Со сном расставаться не хотелось. Но пришлось, и действительность выдала такое!.. Перед взором Жана предстала улыбающаяся физиономия Тома. С наполовину выбритой головой, усатый, сверкающий щербатой улыбкой — куда только зубы делись? Сержант взревел во всю глотку:
— Командир проснулся!!!!
Где-то треснула, а может и разлетелась в щепы, дверь и над кроватью больного нависли довольные физиономии капралов и солдат целого взвода разведки. Или не целого? Многие перевязаны, кто-то опирается на костыль, но об этом потом, главное — что все они счастливы!
— А ну, разойдись, убогие! — раздался из-за солдатских спин надтреснутый мальчишеский голос. И Жана обнял Шарль-Сезар, виконт де Сент-Пуант! Белобрысый, вытянувшийся за этот год, но по-прежнему ловкий и настырный, он прорвался сквозь обступивших кровать солдат и уткнулся лицом в грудь своего бывшего командира.

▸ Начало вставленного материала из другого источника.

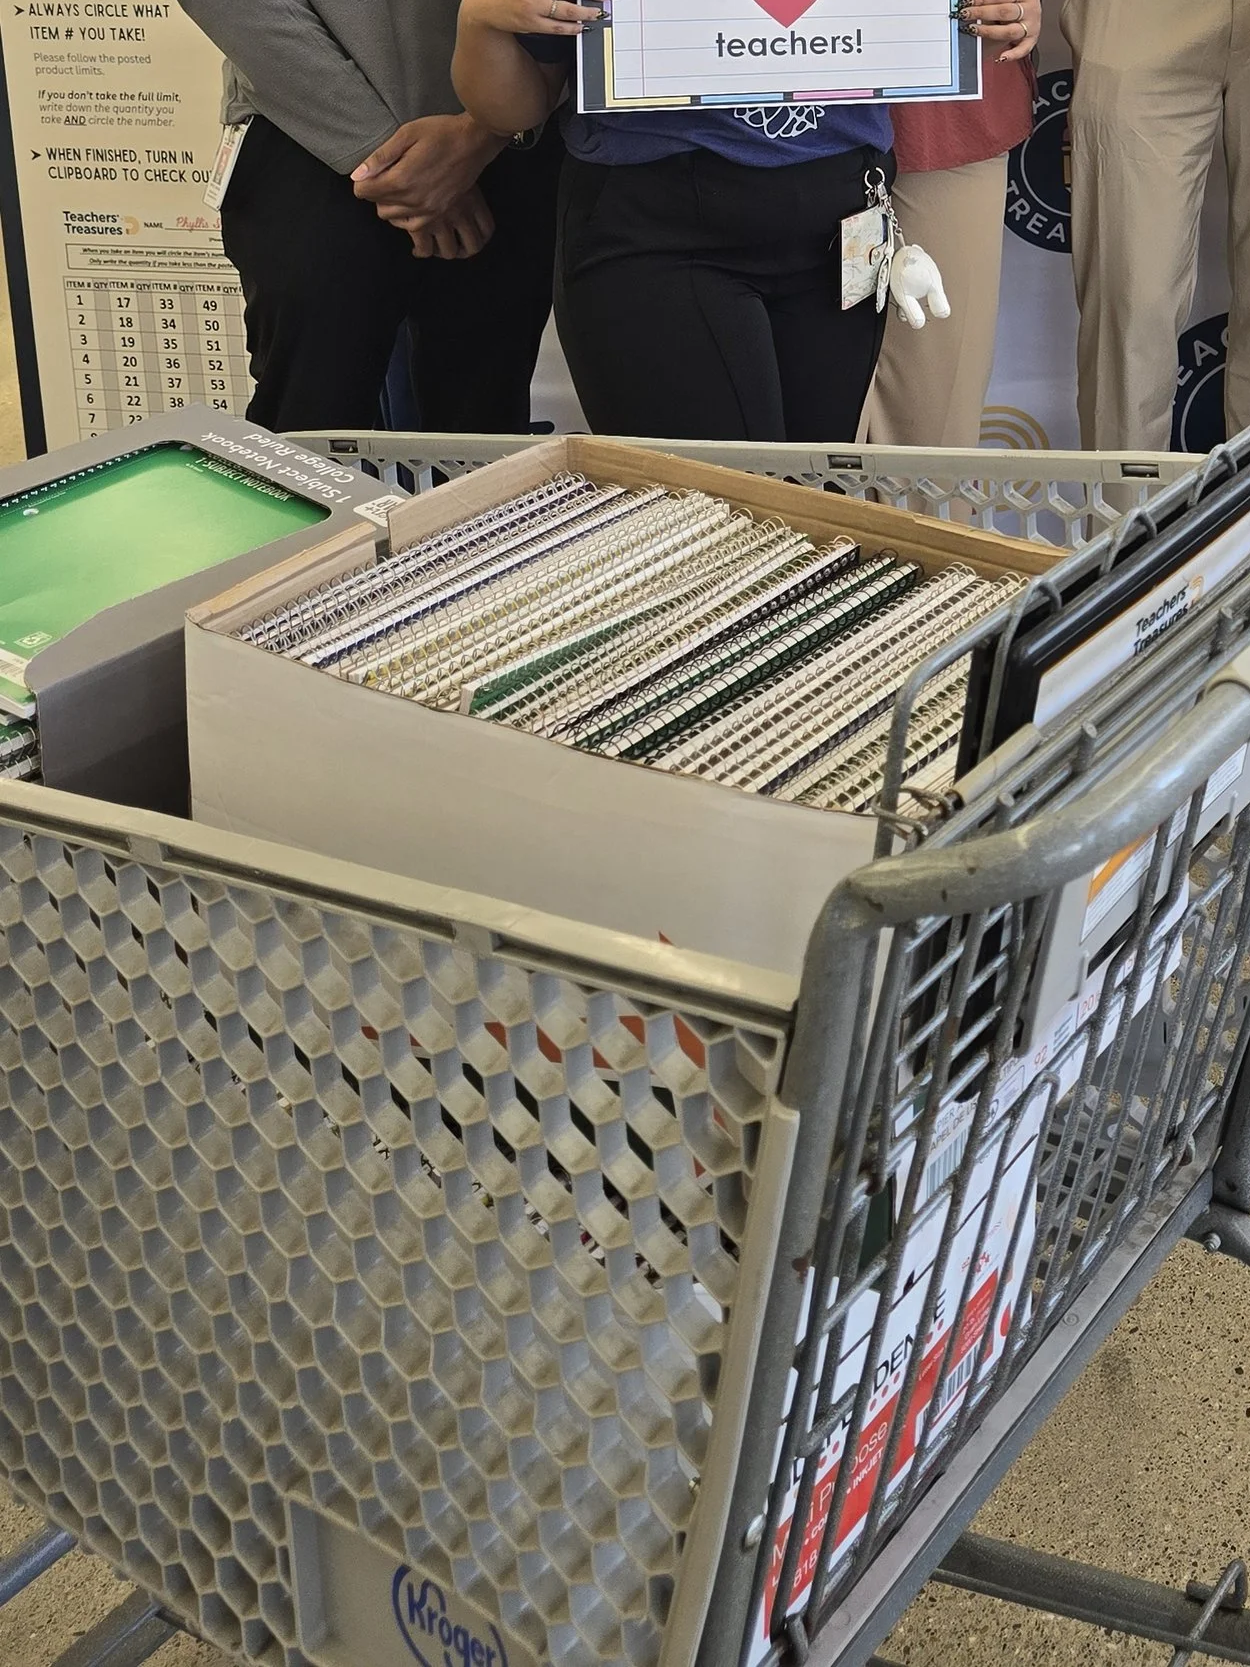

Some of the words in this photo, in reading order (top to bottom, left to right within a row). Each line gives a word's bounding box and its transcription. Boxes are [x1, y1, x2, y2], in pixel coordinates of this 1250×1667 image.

[28, 3, 80, 17] ALWAYS
[84, 4, 128, 18] CIRCLE
[132, 4, 170, 18] WHAT
[30, 26, 60, 40] ITEM
[65, 28, 74, 38] #
[79, 27, 105, 40] YOU
[109, 28, 146, 41] TAKE!
[716, 29, 863, 58] teachers!
[34, 52, 65, 62] Please
[67, 53, 97, 63] follow
[99, 54, 115, 63] the
[117, 54, 151, 65] posted
[35, 65, 74, 76] product
[38, 90, 46, 99] If
[46, 92, 65, 101] you
[68, 91, 93, 100] don't
[96, 91, 117, 100] take
[119, 92, 136, 101] the
[137, 92, 154, 101] full
[156, 92, 182, 103] limit,
[39, 103, 63, 112] write
[65, 103, 92, 112] down
[94, 104, 110, 113] the
[112, 105, 154, 116] quantity
[155, 107, 175, 116] you
[41, 115, 62, 124] take
[64, 115, 87, 125] AND
[88, 116, 114, 125] circle
[117, 117, 133, 126] the
[134, 117, 175, 127] number.
[46, 147, 81, 161] WHEN
[85, 148, 141, 164] FINISHED,
[145, 150, 177, 164] TURN
[181, 151, 194, 164] IN
[48, 166, 117, 181] CLIPBOARD
[122, 168, 139, 181] TO
[144, 169, 187, 183] CHECK
[64, 223, 123, 235] Treasures
[109, 281, 128, 289] ITEM
[195, 284, 215, 292] ITEM
[77, 295, 83, 305] 1
[116, 297, 131, 308] 17
[159, 299, 174, 310] 33
[203, 300, 217, 311] 49
[78, 315, 86, 325] 2
[119, 317, 133, 328] 18
[161, 319, 176, 330] 34
[205, 320, 220, 331] 50
[80, 334, 87, 345] 3
[121, 337, 135, 347] 19
[163, 339, 178, 349] 35
[206, 340, 221, 351] 51
[82, 354, 90, 364] 4
[122, 356, 137, 367] 20
[165, 358, 180, 369] 36
[208, 360, 223, 371] 52
[84, 374, 92, 384] 5
[125, 376, 139, 387] 21
[167, 378, 182, 389] 37
[210, 380, 225, 390] 53
[86, 393, 94, 404] 6
[127, 396, 141, 406] 22
[169, 397, 184, 408] 38
[212, 399, 228, 410] 54
[88, 413, 96, 424] 7
[201, 432, 281, 471] Notebook
[242, 433, 296, 457] Ruled
[294, 453, 354, 484] College
[240, 476, 294, 502] NOTEBOOK
[277, 466, 342, 499] Subject
[335, 495, 352, 504] 1
[852, 1446, 884, 1490] INKJET

— Господи, Шарль-Сезар, ты здесь откуда? И вообще, где мы сейчас и что происходит? — голос больного был еще слаб, но уже требователен.
Отвечать стали все и одновременно. С большим трудом удалось понять, что его спасли отправленные в ялике разведчики. А островитяне после взрыва «Императора» все-таки пошли на штурм. Но после гибели их магов и старших офицеров Господь прочно принял сторону Галлии.

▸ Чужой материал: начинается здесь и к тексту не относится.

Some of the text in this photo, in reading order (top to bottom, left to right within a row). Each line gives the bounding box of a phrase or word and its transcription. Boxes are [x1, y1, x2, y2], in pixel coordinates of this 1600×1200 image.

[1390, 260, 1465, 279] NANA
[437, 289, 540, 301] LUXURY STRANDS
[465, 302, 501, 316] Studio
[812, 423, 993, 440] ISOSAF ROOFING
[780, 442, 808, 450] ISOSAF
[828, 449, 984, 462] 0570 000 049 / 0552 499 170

Все это было неделю назад. А два дня назад в город вошел пьемонтский корпус под командованием самого маршала де Комона.
— Кстати, Жан, ты ничего странного не чувствуешь, — хитро прищурившись спросил юный виконт.

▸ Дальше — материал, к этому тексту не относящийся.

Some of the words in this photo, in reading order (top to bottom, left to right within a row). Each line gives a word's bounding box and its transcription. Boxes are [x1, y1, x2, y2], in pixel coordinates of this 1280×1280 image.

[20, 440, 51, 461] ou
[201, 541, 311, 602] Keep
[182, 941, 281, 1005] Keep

— Самое странное — это то, что я еще жив. Но, вообще, да, справа как будто тепло какое льется. Не жар, а именно тепло. Вы там что положили? Мне же не видно, я голову повернуть не могу!
— Но руки поднять можешь? Вот держи, только открывай сам, нас уже от этой чести уволь — мы жить хотим.
Ничего не понимающий Жан взял в руки маленькую коробочку из красного бархата. Когда-то, страшно подумать сколько лет назад, точно в такой же лежало кольцо, которое Борис Воронин надел на палец своей невесты. А сейчас? Без меня меня женили? Судя по заинтересованным рожам, не исключено. Вон как таращатся, как дети на Коперфильда, ей-Богу.